• [Work item] Write out exactly the lines from the one containing "this 2491×1401 image." through the last line of the records below, and no others.

• [Data to process]
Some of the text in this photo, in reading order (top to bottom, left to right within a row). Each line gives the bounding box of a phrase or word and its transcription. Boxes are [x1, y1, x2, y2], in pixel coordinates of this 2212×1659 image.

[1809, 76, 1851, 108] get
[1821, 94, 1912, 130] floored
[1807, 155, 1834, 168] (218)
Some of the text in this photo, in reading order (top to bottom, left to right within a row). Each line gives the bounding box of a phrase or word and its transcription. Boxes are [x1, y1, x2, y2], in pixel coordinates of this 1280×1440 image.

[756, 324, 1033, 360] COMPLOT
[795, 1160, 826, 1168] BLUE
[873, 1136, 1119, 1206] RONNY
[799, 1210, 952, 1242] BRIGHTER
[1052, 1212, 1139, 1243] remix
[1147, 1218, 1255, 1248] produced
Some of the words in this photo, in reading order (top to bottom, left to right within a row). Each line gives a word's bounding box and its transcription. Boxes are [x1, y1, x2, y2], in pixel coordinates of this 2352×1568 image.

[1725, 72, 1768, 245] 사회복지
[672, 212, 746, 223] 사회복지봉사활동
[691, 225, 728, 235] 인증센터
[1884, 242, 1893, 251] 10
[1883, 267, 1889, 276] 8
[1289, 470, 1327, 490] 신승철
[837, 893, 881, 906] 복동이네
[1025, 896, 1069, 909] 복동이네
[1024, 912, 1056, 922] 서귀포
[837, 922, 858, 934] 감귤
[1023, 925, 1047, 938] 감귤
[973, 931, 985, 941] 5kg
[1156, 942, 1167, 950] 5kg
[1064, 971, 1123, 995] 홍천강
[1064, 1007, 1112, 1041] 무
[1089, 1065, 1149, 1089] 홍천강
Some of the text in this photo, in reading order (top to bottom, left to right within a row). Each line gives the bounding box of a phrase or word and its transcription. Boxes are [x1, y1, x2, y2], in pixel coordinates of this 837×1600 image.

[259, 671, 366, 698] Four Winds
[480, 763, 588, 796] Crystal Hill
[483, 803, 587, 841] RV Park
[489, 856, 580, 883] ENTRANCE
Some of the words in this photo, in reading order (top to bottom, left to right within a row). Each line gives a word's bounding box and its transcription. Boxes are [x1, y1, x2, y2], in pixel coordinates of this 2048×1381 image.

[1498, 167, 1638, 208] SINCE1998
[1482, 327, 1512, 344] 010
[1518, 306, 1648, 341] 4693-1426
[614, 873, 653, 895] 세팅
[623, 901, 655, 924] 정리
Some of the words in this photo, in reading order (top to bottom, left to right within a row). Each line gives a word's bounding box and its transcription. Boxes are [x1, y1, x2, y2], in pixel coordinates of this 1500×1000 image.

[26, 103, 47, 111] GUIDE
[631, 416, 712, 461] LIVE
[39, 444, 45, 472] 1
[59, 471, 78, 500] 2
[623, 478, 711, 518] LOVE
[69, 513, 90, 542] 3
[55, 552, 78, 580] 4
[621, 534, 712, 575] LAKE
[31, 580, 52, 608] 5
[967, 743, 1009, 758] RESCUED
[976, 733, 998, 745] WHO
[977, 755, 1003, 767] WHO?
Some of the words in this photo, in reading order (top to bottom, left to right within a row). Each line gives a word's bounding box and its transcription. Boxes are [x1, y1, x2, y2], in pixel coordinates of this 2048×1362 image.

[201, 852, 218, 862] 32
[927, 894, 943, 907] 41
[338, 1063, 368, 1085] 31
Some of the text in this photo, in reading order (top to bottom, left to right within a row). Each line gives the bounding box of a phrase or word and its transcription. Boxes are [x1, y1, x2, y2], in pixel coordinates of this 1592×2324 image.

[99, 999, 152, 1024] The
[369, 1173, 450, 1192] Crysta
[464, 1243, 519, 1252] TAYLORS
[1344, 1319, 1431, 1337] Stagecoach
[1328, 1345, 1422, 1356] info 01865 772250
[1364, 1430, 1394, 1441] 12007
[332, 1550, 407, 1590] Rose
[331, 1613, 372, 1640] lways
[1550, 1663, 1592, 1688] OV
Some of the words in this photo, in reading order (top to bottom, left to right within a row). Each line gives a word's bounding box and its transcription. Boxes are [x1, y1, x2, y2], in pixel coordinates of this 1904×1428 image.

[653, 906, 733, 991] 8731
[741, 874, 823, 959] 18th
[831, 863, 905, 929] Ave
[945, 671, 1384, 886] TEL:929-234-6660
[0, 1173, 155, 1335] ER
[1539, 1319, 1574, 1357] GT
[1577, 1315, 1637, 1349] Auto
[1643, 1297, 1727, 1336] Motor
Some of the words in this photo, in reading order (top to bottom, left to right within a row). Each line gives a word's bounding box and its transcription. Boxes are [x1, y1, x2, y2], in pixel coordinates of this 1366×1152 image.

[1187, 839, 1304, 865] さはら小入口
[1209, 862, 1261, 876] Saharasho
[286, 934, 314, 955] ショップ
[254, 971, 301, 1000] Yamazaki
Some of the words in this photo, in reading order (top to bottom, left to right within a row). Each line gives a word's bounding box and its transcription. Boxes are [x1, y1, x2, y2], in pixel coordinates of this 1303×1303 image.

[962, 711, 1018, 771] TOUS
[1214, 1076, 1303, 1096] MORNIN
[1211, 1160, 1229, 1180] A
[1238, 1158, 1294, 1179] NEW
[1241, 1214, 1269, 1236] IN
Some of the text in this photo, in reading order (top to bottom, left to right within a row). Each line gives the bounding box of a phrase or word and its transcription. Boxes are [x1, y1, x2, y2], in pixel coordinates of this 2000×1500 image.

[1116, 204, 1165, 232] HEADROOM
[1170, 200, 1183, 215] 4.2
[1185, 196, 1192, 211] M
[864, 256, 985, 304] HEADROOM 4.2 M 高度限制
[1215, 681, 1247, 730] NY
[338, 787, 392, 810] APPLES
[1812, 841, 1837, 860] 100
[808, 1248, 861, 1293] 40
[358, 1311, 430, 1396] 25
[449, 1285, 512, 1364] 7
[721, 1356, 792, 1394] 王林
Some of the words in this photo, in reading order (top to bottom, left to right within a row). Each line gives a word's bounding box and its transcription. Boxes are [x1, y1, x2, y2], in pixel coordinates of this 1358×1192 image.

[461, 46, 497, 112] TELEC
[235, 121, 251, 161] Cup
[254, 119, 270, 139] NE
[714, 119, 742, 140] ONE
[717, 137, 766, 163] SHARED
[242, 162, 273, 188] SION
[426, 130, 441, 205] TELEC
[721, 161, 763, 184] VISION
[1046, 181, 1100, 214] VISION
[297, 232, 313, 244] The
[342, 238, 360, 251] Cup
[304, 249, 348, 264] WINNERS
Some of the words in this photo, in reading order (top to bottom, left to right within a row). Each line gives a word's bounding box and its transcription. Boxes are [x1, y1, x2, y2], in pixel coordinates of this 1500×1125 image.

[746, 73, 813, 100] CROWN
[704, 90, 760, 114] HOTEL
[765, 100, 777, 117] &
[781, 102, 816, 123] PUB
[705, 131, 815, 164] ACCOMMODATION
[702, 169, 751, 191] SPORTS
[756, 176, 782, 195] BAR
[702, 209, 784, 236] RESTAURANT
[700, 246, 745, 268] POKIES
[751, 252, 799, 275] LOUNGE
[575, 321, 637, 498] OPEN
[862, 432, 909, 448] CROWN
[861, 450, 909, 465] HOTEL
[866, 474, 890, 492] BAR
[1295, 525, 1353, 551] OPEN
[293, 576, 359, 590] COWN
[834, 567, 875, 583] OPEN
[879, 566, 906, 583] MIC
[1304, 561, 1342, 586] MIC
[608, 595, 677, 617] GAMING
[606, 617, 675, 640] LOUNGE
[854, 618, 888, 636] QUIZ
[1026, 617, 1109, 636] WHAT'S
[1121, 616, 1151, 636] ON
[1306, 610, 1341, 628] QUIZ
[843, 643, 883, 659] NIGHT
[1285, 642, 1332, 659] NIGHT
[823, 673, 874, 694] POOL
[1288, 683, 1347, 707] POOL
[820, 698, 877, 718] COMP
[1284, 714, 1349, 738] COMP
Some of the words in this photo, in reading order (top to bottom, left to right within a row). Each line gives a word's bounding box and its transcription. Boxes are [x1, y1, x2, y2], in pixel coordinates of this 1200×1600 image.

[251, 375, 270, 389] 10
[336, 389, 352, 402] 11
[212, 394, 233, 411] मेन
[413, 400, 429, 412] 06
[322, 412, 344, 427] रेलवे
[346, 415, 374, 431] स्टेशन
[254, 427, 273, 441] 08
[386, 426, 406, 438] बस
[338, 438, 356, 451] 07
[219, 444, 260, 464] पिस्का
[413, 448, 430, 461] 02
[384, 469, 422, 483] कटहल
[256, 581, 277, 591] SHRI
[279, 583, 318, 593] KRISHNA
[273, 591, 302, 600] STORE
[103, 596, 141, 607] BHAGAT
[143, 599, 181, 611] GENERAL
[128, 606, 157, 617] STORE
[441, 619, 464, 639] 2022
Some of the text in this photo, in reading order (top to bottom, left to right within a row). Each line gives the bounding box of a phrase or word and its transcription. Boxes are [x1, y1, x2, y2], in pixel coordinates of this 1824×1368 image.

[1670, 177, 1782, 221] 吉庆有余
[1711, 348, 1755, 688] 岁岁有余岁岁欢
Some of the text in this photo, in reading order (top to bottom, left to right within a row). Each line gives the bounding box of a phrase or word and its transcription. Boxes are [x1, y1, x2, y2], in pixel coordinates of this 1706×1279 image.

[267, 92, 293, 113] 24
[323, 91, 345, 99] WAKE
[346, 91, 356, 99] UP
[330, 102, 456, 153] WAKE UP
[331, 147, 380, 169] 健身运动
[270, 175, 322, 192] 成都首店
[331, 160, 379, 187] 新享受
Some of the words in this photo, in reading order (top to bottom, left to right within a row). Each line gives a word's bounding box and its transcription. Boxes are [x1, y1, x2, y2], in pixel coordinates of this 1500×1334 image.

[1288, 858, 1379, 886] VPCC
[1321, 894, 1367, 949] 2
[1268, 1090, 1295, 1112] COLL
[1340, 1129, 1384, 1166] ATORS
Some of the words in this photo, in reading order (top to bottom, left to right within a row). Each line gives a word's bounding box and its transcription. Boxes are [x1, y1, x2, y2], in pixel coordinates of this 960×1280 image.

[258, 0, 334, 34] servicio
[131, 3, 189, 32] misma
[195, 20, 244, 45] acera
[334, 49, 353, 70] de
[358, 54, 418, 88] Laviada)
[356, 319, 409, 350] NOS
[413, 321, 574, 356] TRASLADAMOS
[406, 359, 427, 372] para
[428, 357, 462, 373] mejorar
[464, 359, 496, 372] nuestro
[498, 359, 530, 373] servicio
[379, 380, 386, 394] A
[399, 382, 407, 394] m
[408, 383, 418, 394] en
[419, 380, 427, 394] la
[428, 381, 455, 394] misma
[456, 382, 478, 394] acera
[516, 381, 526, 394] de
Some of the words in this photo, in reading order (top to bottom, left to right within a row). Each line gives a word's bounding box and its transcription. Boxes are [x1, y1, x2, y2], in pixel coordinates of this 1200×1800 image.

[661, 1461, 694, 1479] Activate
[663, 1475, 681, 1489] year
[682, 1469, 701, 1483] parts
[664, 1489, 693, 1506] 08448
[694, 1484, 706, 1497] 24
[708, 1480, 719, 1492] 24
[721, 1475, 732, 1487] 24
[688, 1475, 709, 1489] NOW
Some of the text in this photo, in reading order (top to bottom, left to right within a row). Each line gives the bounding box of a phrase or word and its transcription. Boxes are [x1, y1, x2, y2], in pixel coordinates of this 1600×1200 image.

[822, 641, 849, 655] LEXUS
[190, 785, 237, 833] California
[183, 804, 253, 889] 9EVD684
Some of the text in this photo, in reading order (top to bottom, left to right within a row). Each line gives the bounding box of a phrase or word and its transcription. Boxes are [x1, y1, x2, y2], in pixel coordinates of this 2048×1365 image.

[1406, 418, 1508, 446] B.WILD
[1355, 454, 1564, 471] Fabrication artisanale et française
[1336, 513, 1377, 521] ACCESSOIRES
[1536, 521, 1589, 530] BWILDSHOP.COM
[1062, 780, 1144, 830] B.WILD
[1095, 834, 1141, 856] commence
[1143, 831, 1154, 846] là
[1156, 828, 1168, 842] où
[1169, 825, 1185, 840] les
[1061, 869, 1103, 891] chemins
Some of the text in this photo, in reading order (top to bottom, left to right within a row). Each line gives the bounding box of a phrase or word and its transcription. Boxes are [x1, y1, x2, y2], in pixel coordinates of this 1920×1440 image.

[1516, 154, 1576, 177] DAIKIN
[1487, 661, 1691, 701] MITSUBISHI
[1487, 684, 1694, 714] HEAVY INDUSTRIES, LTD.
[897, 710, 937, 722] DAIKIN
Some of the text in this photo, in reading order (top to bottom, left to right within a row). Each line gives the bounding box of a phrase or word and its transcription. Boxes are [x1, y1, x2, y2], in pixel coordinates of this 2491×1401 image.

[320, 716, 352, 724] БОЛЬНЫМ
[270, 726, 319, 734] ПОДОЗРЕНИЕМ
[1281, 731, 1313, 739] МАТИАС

• [Answer to this problem]
Some of the text in this photo, in reading order (top to bottom, left to right within a row). Each line gives the bounding box of a phrase or word and its transcription. Boxes are [x1, y1, x2, y2], in pixel coordinates of this 2491×1401 image.

[320, 716, 352, 724] БОЛЬНЫМ
[270, 726, 319, 734] ПОДОЗРЕНИЕМ
[1281, 731, 1313, 739] МАТИАС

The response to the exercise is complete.